Four types of alpha,alpha-disubstituted amino acids {i.e., alpha-aminoisobutyric acid (Aib), 1-aminocyclopentanecarboxylic acid (Ac(5)c), (3S,4S)-1-amino-(3,4-dimethoxy)cyclopentanecarboxylic acid [(S,S)-Ac(5)c(dOM)] and its enantiomer (R,R)-Ac(5)c(dOM)} were introduced into L-leucine-based hexapeptides and nonapeptides. The dominant conformations of eight peptides: Cbz-(L-Leu-L-Leu-dAA)(2)-OMe [dAA = 1: Aib; 2: Ac(5)c; 3: (S, S)-Ac(5)c(dOM); 4: (R, R)-Ac(5)c(dOM)] and Boc-(L-Leu-L-Leu-dAA)(3)-OMe [dAA = 5: Aib; 6: Ac(5)c; 7: (S, S)-Ac(5)c(dOM); 8: (R, R)-Ac(5)c(dOM)], were investigated by IR, CD spectra and X-ray crystallographic analysis.
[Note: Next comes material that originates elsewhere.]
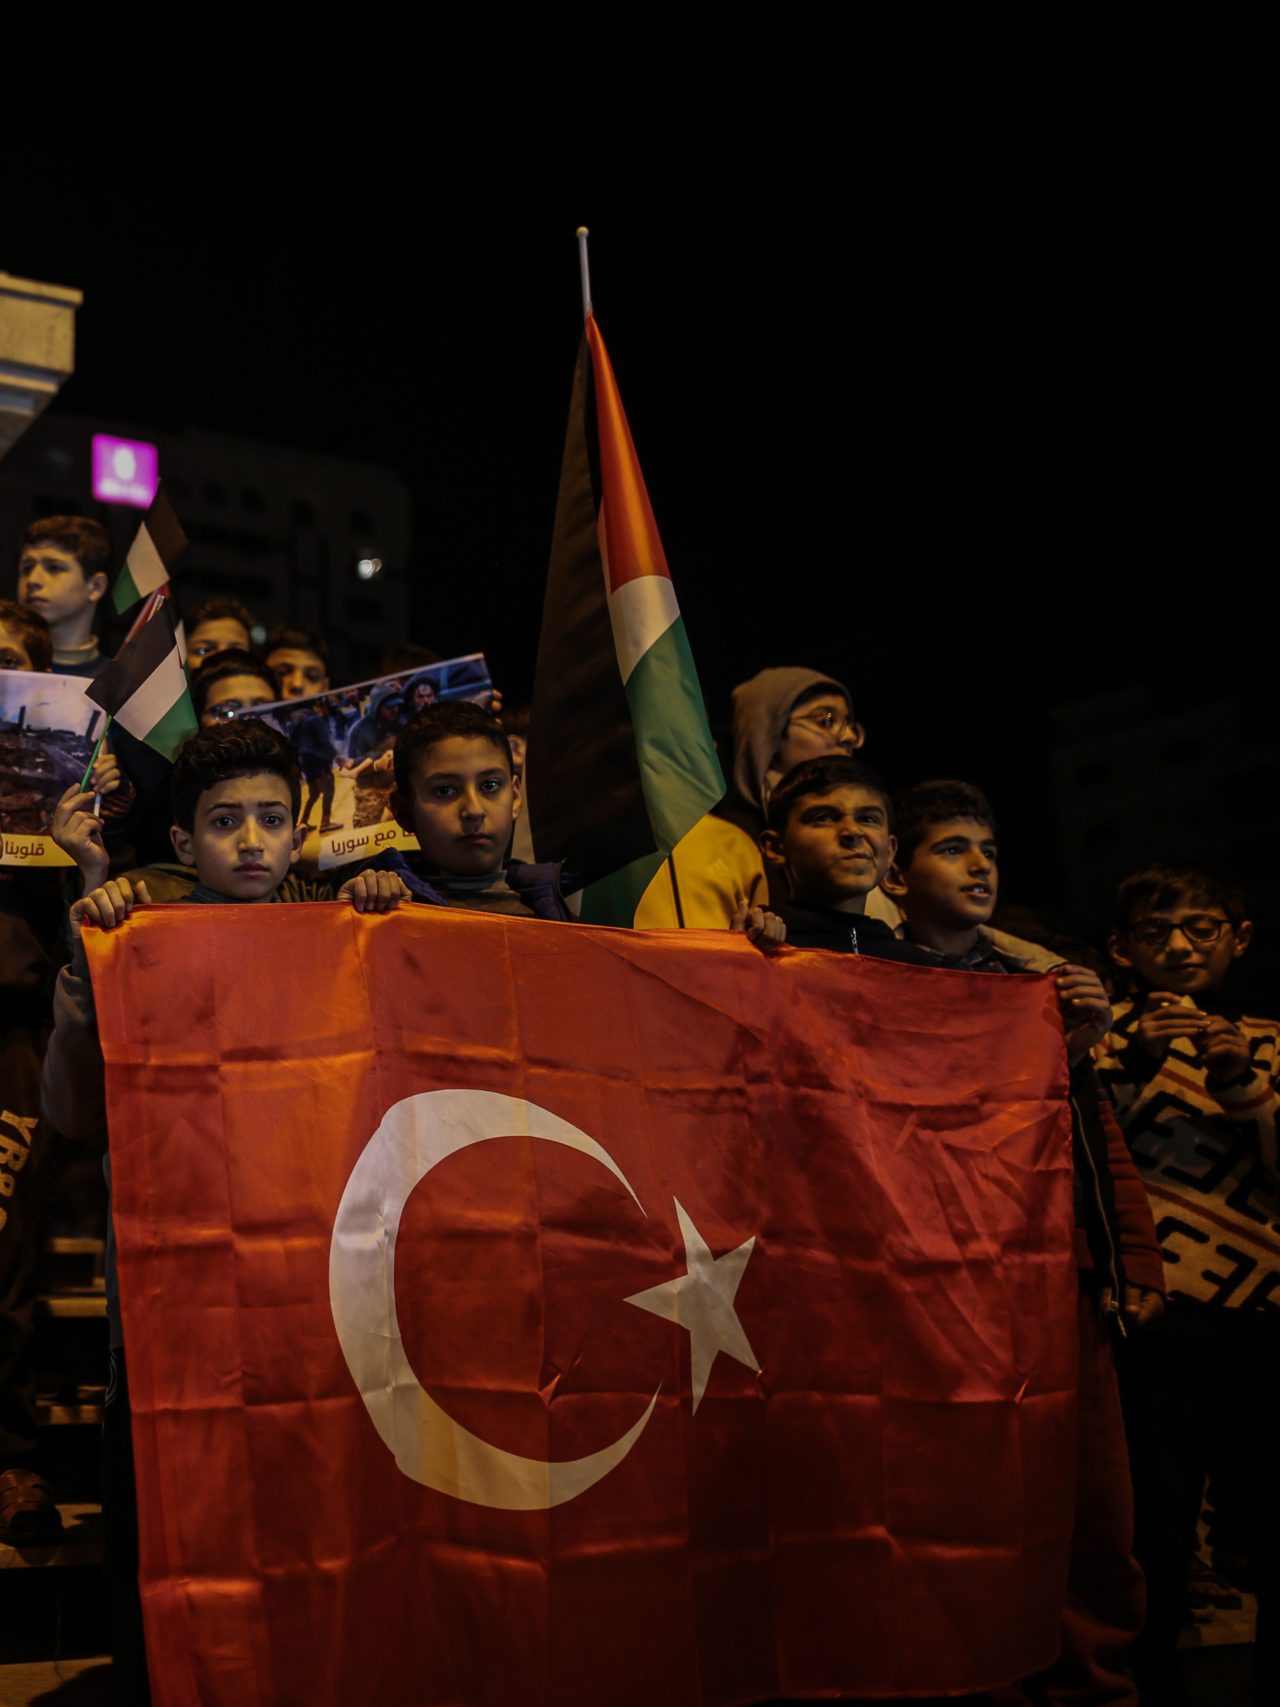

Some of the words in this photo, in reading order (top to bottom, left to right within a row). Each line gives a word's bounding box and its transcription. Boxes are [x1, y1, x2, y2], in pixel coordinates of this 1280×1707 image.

[330, 834, 370, 857] سوريا
[374, 829, 397, 847] مع
[4, 841, 45, 860] قلوبنا
The CD spectra revealed that Aib hexapeptide 1 and Ac(5)c hexapeptide 2 formed right-handed (P) 3(10)-helices, while Ac(5)c(dOM) hexapeptides 3 and 4 formed a mixture of (P) 3(10)- and alpha-helices. The Aib nonapeptide 5 formed a (P) 3(10)-helix, the Ac(5)c nonapeptide 6 formed a mixture of (P) 3(10)- and alpha-helices, and the Ac(5)c(dOM) nonapeptides 7 and 8 formed (P) alpha-helices. X-Ray crystallographic analysis revealed that the Aib hexapeptide 1 formed a (P) 3(10)-helix, while (S, S)-Ac(5)c(dOM) hexapeptide 3 formed a (P) alpha-helix. In addition, the Ac(5)c nonapeptide 6 and (R, R)-Ac(5)c(dOM) nonapeptide 8 formed (P) alpha-helices. The Aib and achiral Ac(5)c residues have the propensity to form 3(10)-helices in short peptides, whereas the chiral Ac(5)c(dOM) residues have a penchant for forming alpha-helices.